[Records excerpted from a collection]

=== Section Start ===

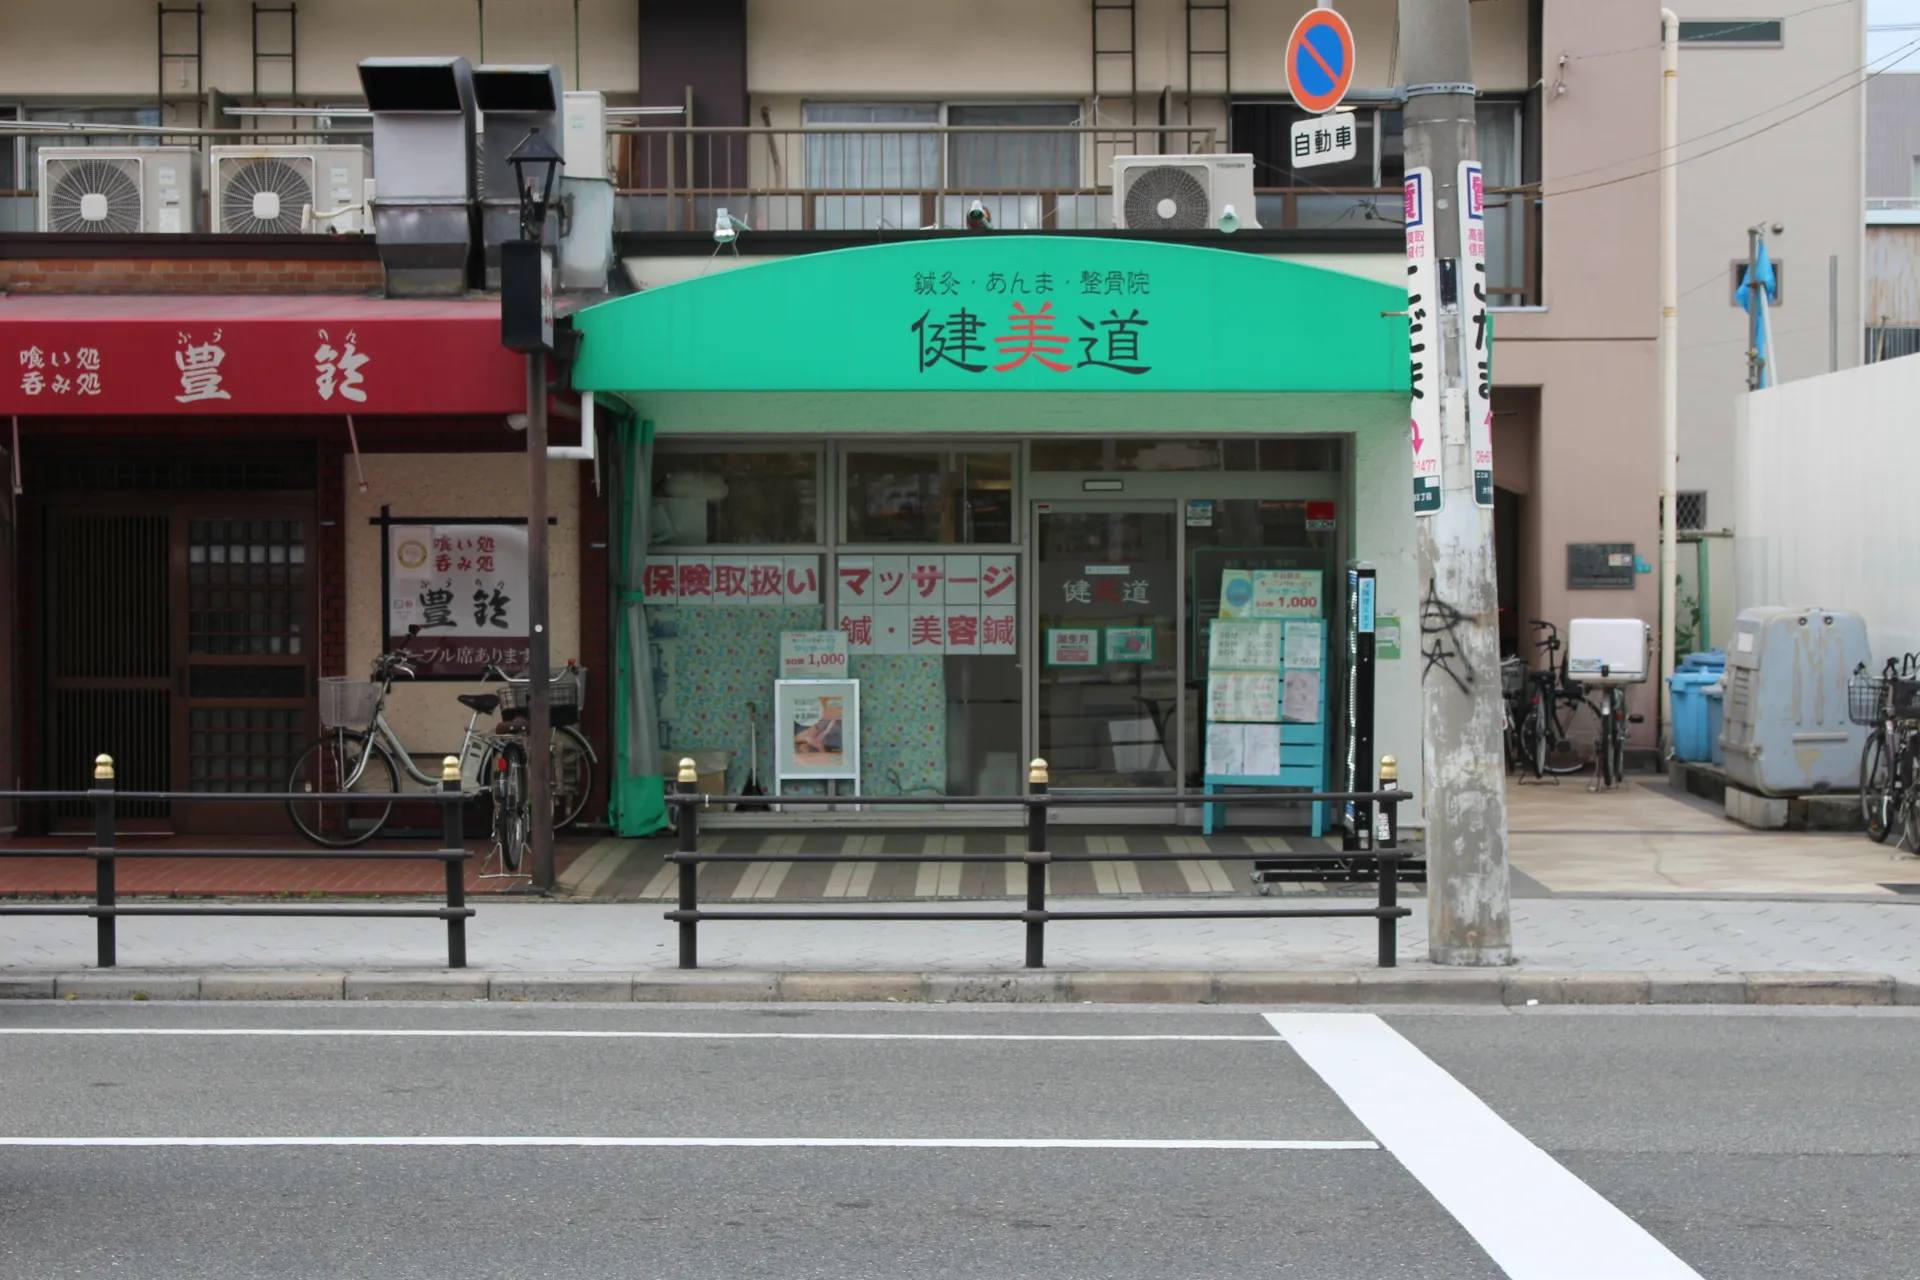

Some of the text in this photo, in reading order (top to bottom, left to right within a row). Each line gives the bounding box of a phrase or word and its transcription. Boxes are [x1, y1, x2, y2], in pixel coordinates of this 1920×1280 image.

[1294, 126, 1352, 157] 自動車
[914, 270, 1150, 296] 鍼灸・あんま・整骨院
[911, 301, 1152, 375] 健美道
[19, 345, 101, 370] 喰い処
[20, 371, 102, 395] 呑み処
[435, 554, 496, 573] 呑み処
[644, 564, 818, 598] 保険取扱い
[839, 564, 1015, 598] マッサージ
[1278, 596, 1318, 609] 1,000
[808, 653, 846, 667] 1,000
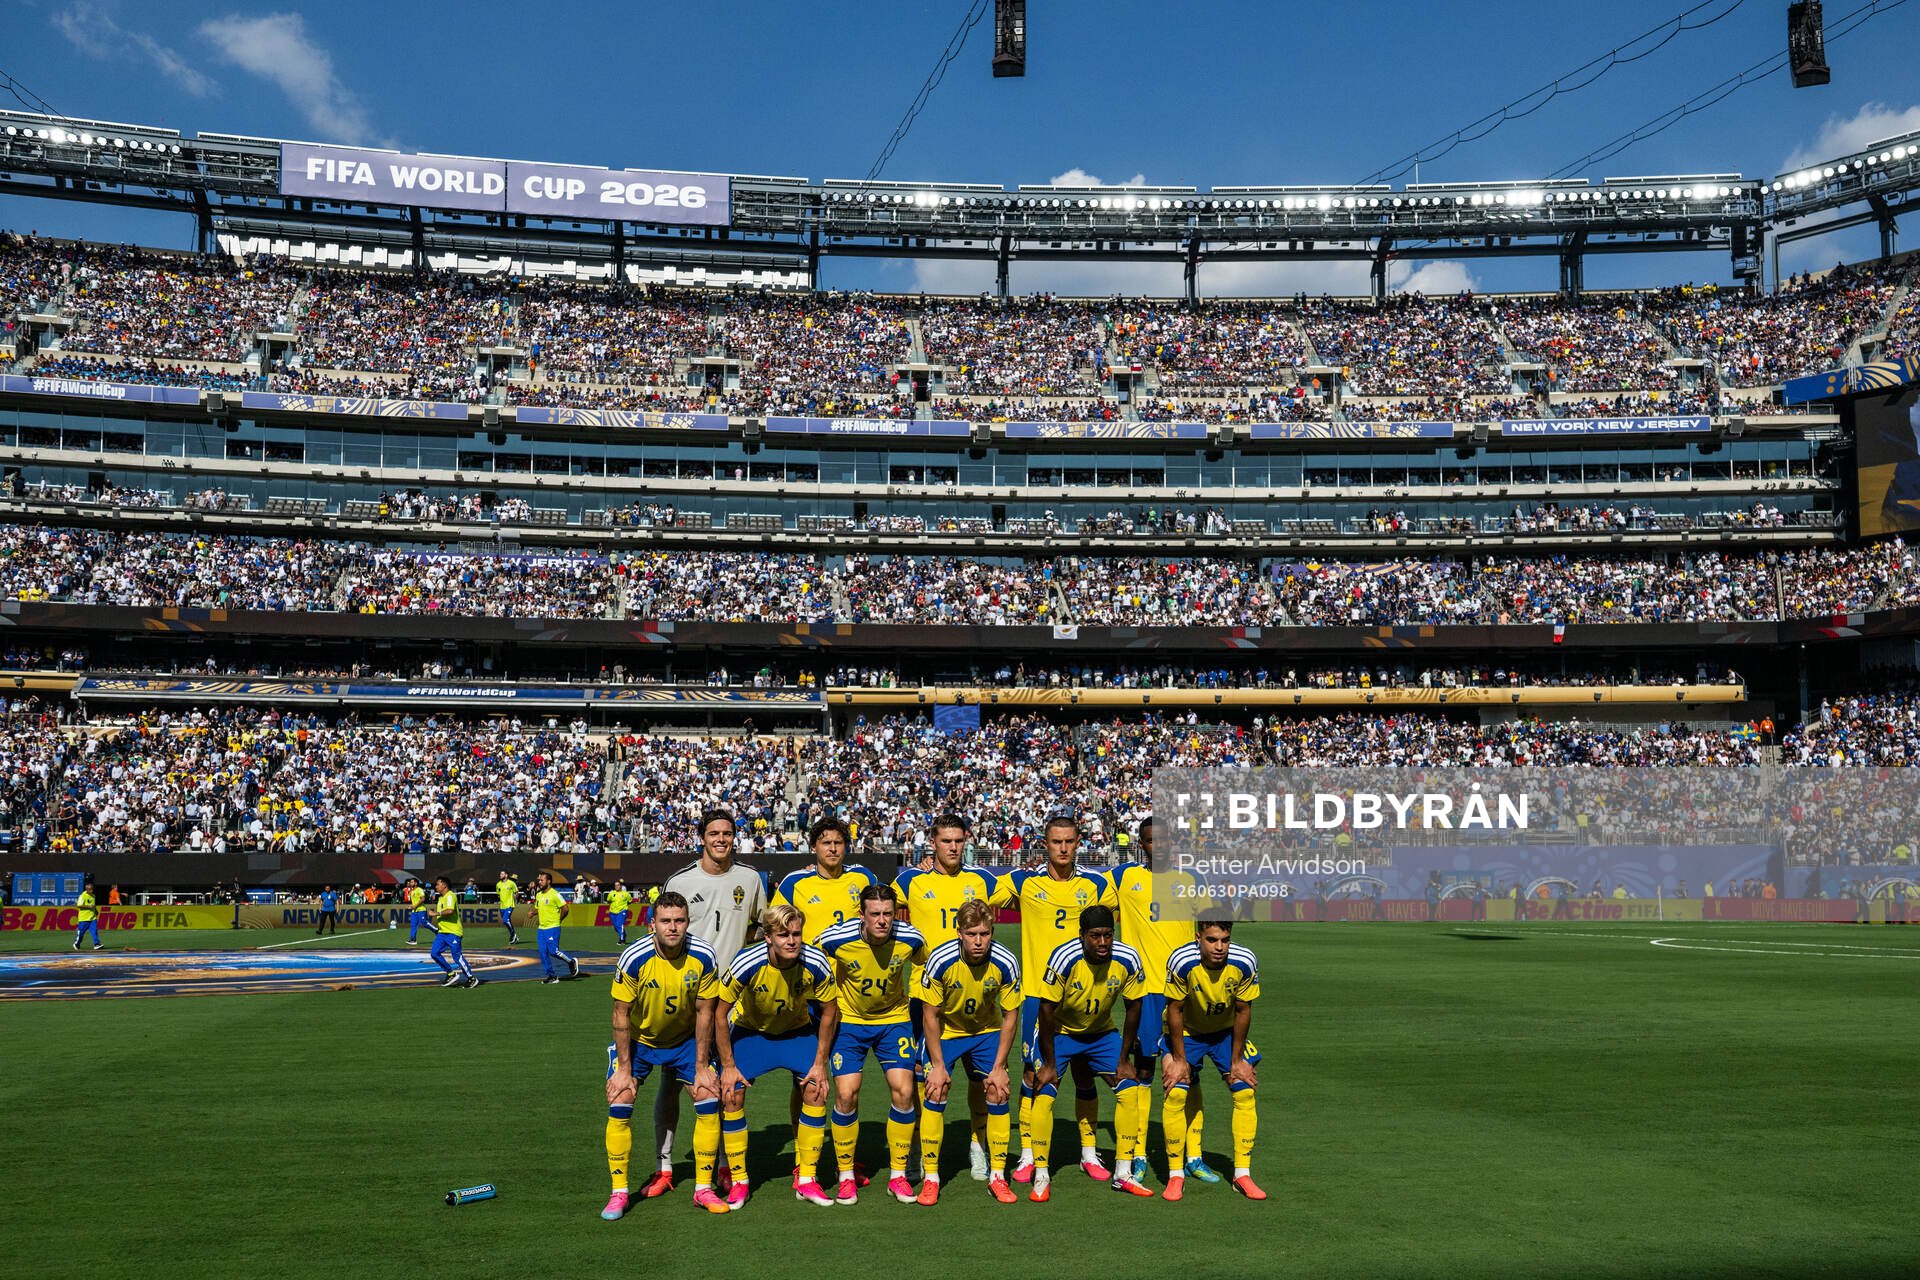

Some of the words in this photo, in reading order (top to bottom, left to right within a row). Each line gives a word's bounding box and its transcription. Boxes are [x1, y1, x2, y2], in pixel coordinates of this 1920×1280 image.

[306, 158, 376, 186] FIFA
[389, 165, 506, 195] WORLD
[523, 175, 586, 201] CUP
[600, 181, 707, 208] 2026
[33, 378, 126, 399] #FIFAWorldCup
[830, 420, 908, 434] #FIFAWorldCup
[1511, 423, 1546, 432] NEW
[1549, 422, 1595, 431] YORK
[1598, 421, 1635, 430] NEW
[1637, 419, 1701, 429] JERSEY
[407, 687, 517, 697] #FIFAWorldCup
[0, 907, 37, 930] Be
[142, 912, 189, 928] FIFA
[714, 910, 721, 932] 1
[833, 910, 844, 926] 3
[1055, 908, 1067, 930] 2
[861, 978, 888, 996] 24
[665, 995, 678, 1015] 5
[774, 999, 786, 1015] 7
[964, 997, 977, 1015] 8
[1085, 998, 1099, 1016] 11
[1205, 1001, 1225, 1016] 18
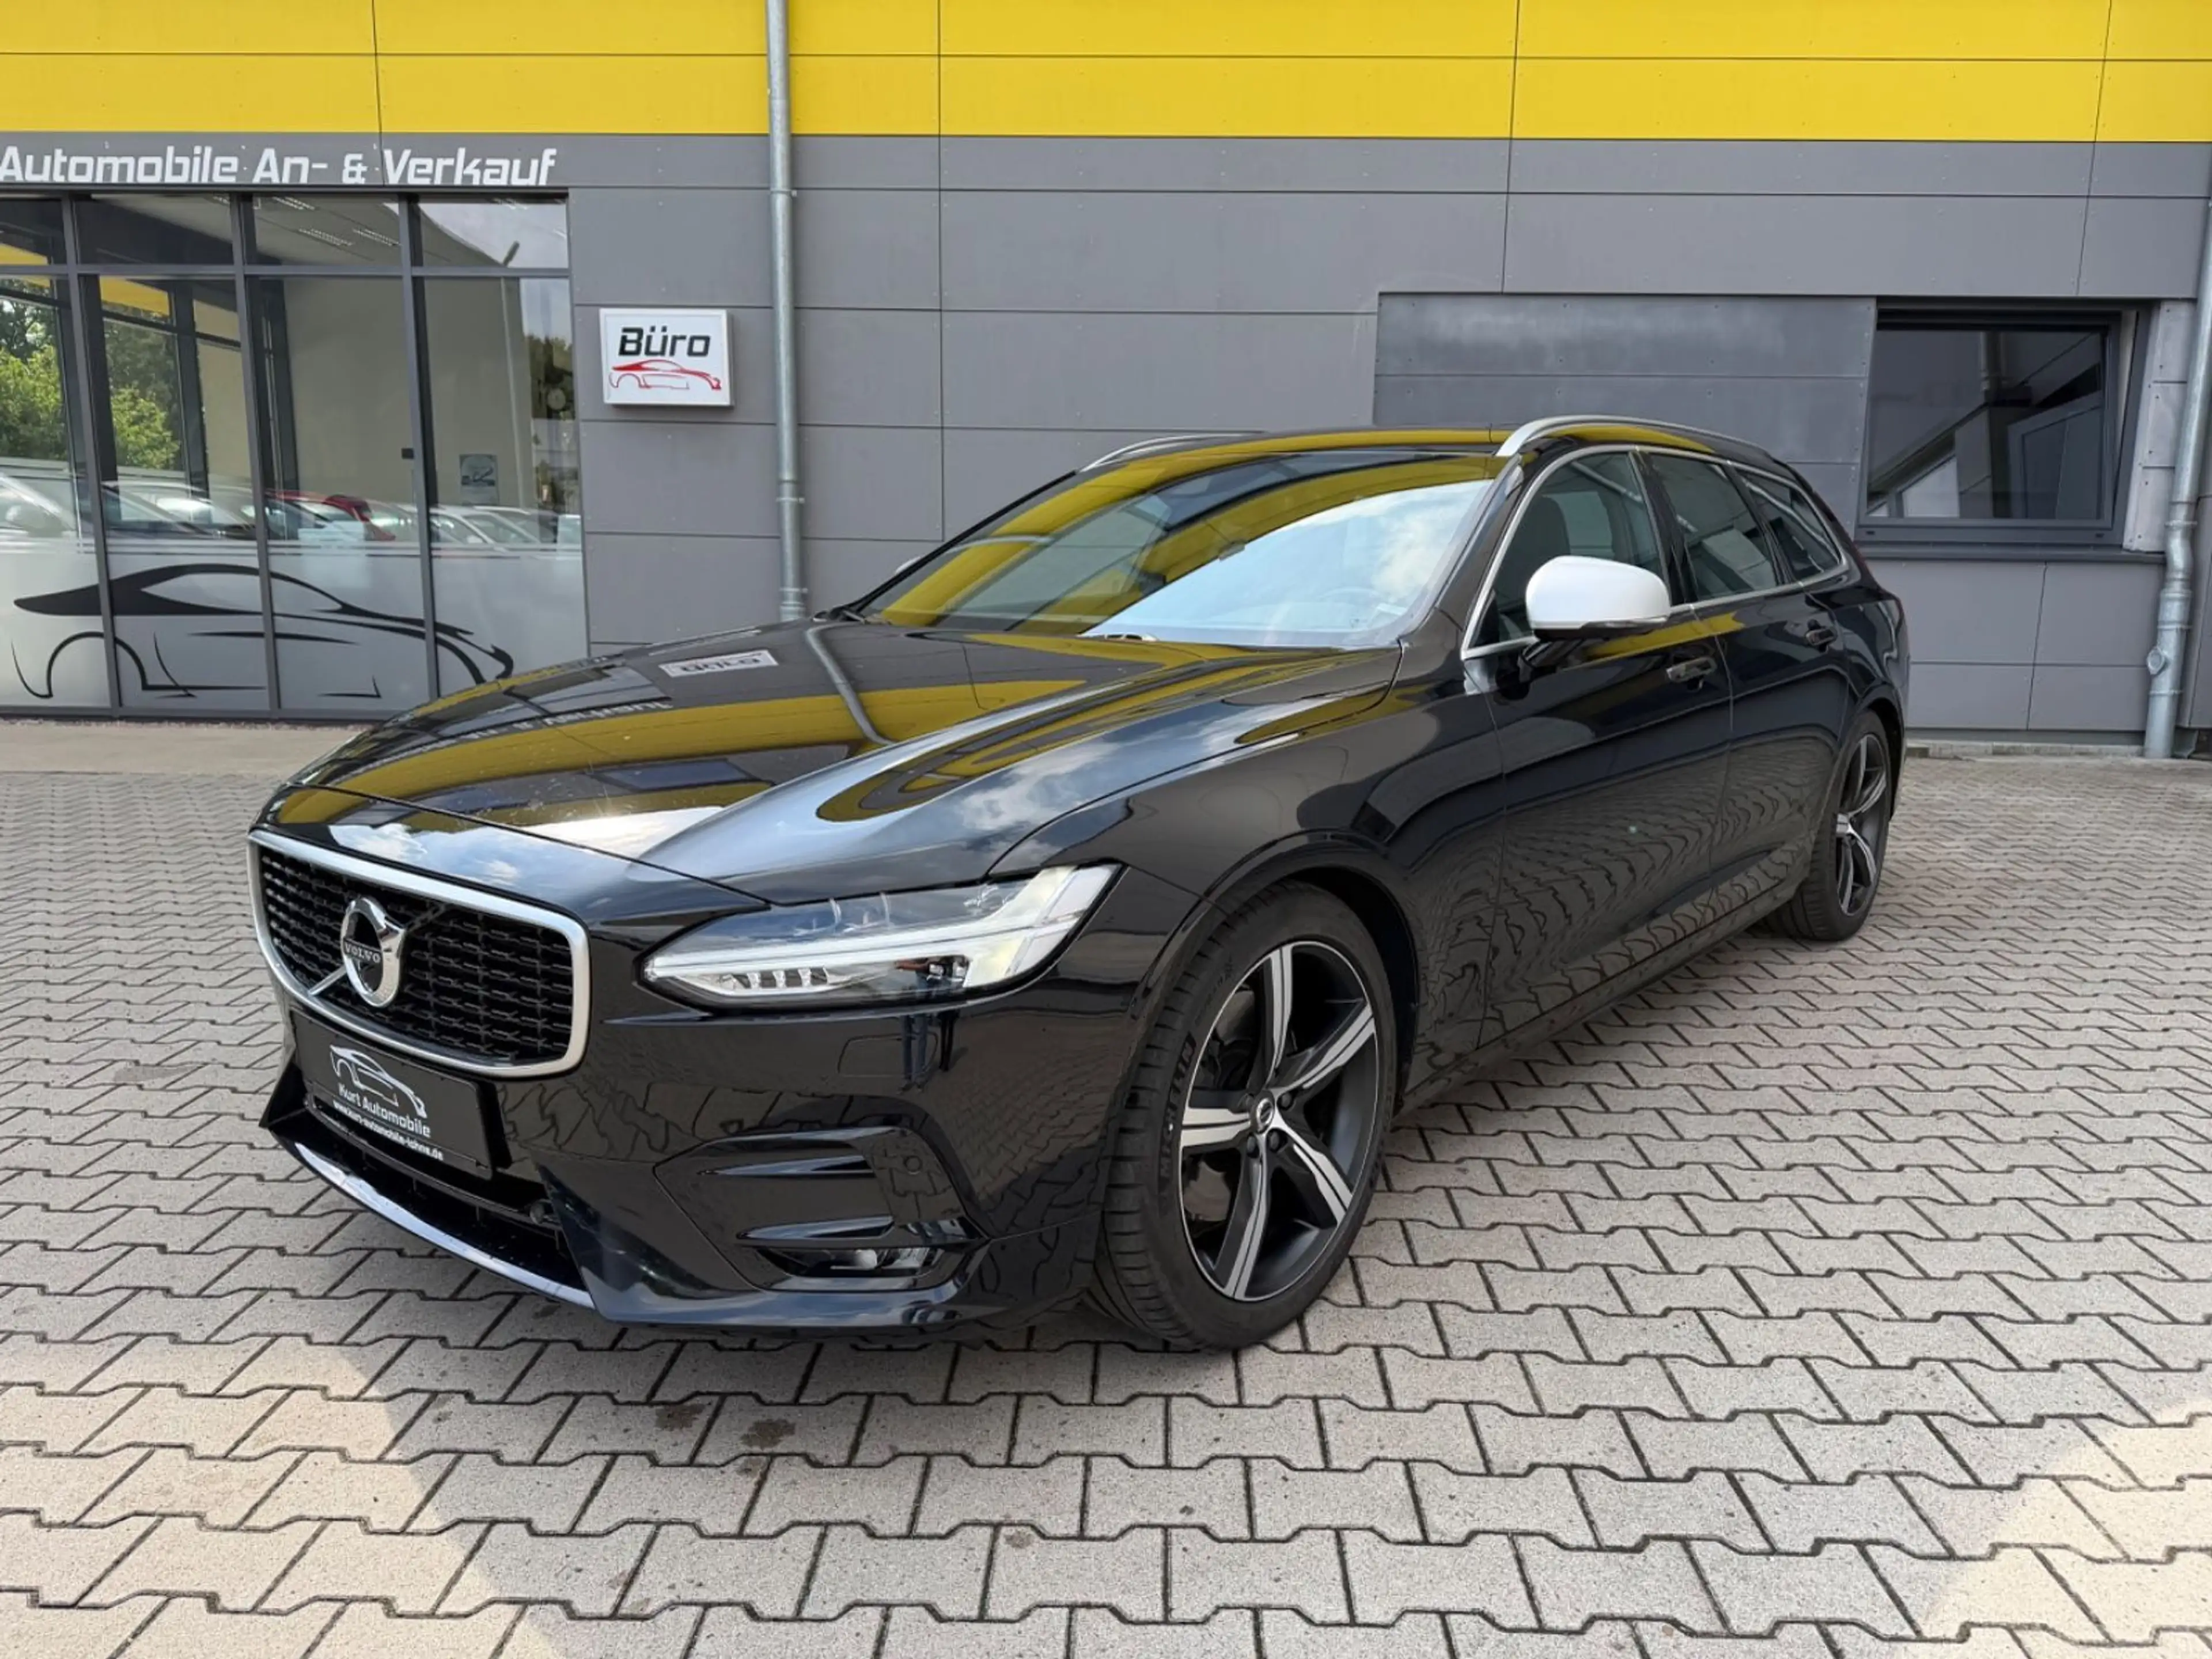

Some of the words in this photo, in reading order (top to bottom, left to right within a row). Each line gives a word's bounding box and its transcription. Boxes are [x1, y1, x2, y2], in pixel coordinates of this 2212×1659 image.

[0, 146, 239, 183] Automobile
[252, 147, 328, 184] An-
[342, 153, 368, 184] &
[383, 147, 557, 185] Verkauf
[618, 325, 711, 357] Büro
[345, 942, 381, 963] VOLVO
[362, 1096, 431, 1137] Automobile

=== Section End ===

▶ **What this task involves**:
Transcribe all the lines above exactly, apart from the pictures.

▶ **Response to this task**:
Some of the text in this photo, in reading order (top to bottom, left to right within a row). Each line gives the bounding box of a phrase or word and its transcription. Boxes are [x1, y1, x2, y2], in pixel coordinates of this 1920×1280 image.

[1294, 126, 1352, 157] 自動車
[914, 270, 1150, 296] 鍼灸・あんま・整骨院
[911, 301, 1152, 375] 健美道
[19, 345, 101, 370] 喰い処
[20, 371, 102, 395] 呑み処
[435, 554, 496, 573] 呑み処
[644, 564, 818, 598] 保険取扱い
[839, 564, 1015, 598] マッサージ
[1278, 596, 1318, 609] 1,000
[808, 653, 846, 667] 1,000

Some of the words in this photo, in reading order (top to bottom, left to right within a row). Each line gives a word's bounding box and its transcription. Boxes are [x1, y1, x2, y2], in pixel coordinates of this 1920×1280 image.

[306, 158, 376, 186] FIFA
[389, 165, 506, 195] WORLD
[523, 175, 586, 201] CUP
[600, 181, 707, 208] 2026
[33, 378, 126, 399] #FIFAWorldCup
[830, 420, 908, 434] #FIFAWorldCup
[1511, 423, 1546, 432] NEW
[1549, 422, 1595, 431] YORK
[1598, 421, 1635, 430] NEW
[1637, 419, 1701, 429] JERSEY
[407, 687, 517, 697] #FIFAWorldCup
[0, 907, 37, 930] Be
[142, 912, 189, 928] FIFA
[714, 910, 721, 932] 1
[833, 910, 844, 926] 3
[1055, 908, 1067, 930] 2
[861, 978, 888, 996] 24
[665, 995, 678, 1015] 5
[774, 999, 786, 1015] 7
[964, 997, 977, 1015] 8
[1085, 998, 1099, 1016] 11
[1205, 1001, 1225, 1016] 18

Some of the words in this photo, in reading order (top to bottom, left to right within a row). Each line gives a word's bounding box and its transcription. Boxes are [x1, y1, x2, y2], in pixel coordinates of this 2212×1659 image.

[0, 146, 239, 183] Automobile
[252, 147, 328, 184] An-
[342, 153, 368, 184] &
[383, 147, 557, 185] Verkauf
[618, 325, 711, 357] Büro
[345, 942, 381, 963] VOLVO
[362, 1096, 431, 1137] Automobile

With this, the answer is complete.